There are several great, clever answers that avoid conditionals, but a modern compiler can generate code for this that doesn’t branch.

Your compiler can probably figure out to inline this, but you might be able to give it a hint with inline or, in C++, constexpr.

The unsigned long long int type is guaranteed to be at least 64 bits wide and present on every implementation, which uint64_t is not.

If you need a macro (because you need something that works as a compile-time constant), that might be:

#define mask(n) ((64U == (n)) ? 0xFFFFFFFFFFFFFFFFULL : (1ULL << (unsigned)(n)) - 1ULL)

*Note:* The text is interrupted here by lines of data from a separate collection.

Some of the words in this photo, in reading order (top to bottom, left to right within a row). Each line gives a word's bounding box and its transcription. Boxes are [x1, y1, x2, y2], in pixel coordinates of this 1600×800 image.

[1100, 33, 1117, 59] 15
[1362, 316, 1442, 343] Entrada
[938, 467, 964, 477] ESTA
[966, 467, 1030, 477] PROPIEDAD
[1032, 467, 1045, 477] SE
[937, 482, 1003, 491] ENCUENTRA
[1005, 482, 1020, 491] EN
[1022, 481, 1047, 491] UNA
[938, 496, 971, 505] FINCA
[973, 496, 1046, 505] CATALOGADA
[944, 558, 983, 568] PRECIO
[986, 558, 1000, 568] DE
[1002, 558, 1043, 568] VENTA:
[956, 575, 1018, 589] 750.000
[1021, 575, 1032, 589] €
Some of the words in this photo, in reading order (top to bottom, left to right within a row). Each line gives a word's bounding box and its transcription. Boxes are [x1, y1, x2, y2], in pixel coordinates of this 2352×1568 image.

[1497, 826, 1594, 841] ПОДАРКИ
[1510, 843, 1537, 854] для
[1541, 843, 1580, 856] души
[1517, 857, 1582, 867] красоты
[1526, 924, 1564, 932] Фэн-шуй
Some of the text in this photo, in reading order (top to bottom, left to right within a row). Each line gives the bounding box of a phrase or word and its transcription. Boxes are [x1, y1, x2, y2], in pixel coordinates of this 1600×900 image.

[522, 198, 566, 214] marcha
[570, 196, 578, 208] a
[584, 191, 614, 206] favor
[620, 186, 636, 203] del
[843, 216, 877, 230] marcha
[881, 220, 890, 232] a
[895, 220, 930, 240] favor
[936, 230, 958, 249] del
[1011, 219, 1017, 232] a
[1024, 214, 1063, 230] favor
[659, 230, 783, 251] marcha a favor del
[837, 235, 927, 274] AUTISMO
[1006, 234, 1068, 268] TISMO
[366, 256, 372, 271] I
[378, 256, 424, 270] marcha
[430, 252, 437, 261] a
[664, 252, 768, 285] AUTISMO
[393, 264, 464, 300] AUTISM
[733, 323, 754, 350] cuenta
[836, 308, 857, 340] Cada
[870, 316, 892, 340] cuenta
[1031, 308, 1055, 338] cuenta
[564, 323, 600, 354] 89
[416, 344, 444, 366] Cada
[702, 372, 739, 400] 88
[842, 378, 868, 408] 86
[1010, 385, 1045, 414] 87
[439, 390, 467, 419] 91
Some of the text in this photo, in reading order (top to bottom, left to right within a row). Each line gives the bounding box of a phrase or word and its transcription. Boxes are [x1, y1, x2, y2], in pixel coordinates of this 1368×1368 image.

As several people correctly reminded me in the comments, 1ULL << 64U is potential undefined behavior! So, insert a check for that special case.

You could replace 64U with CHAR_BITS*sizeof(unsigned long long) if it is important to you to support the full range of that type on an implementation where it is wider than 64 bits.

You could similarly generate this from an unsigned right shift, but you would still need to check n == 64 as a special case, since right-shifting by the width of the type is undefined behavior.

ETA:

The relevant portion of the (N1570 Draft) standard says, of both left and right bit shifts:

If the value of the right operand is negative or is greater than or equal to the width of the promoted left operand, the behavior is undefined.

This tripped me up. Thanks again to everyone in the comments who reviewed my code and pointed the bug out to me.

Answer 2

Another solution without branching

unsigned long long mask(unsigned n)
{
    return ((1ULL << (n & 0x3F)) & -(n != 64)) - 1;
}

n & 0x3F keeps the shift amount to maximum 63 in order to avoid UB. In fact most modern architectures will just grab the lower bits of the shift amount, so no and instruction is needed for this.

The checking condition for 64 can be changed to -(n < 64) to make it return all ones for n ⩾ 64, which is equivalent to _bzhi_u64(-1ULL, (uint8_t)n) if your CPU supports BMI2.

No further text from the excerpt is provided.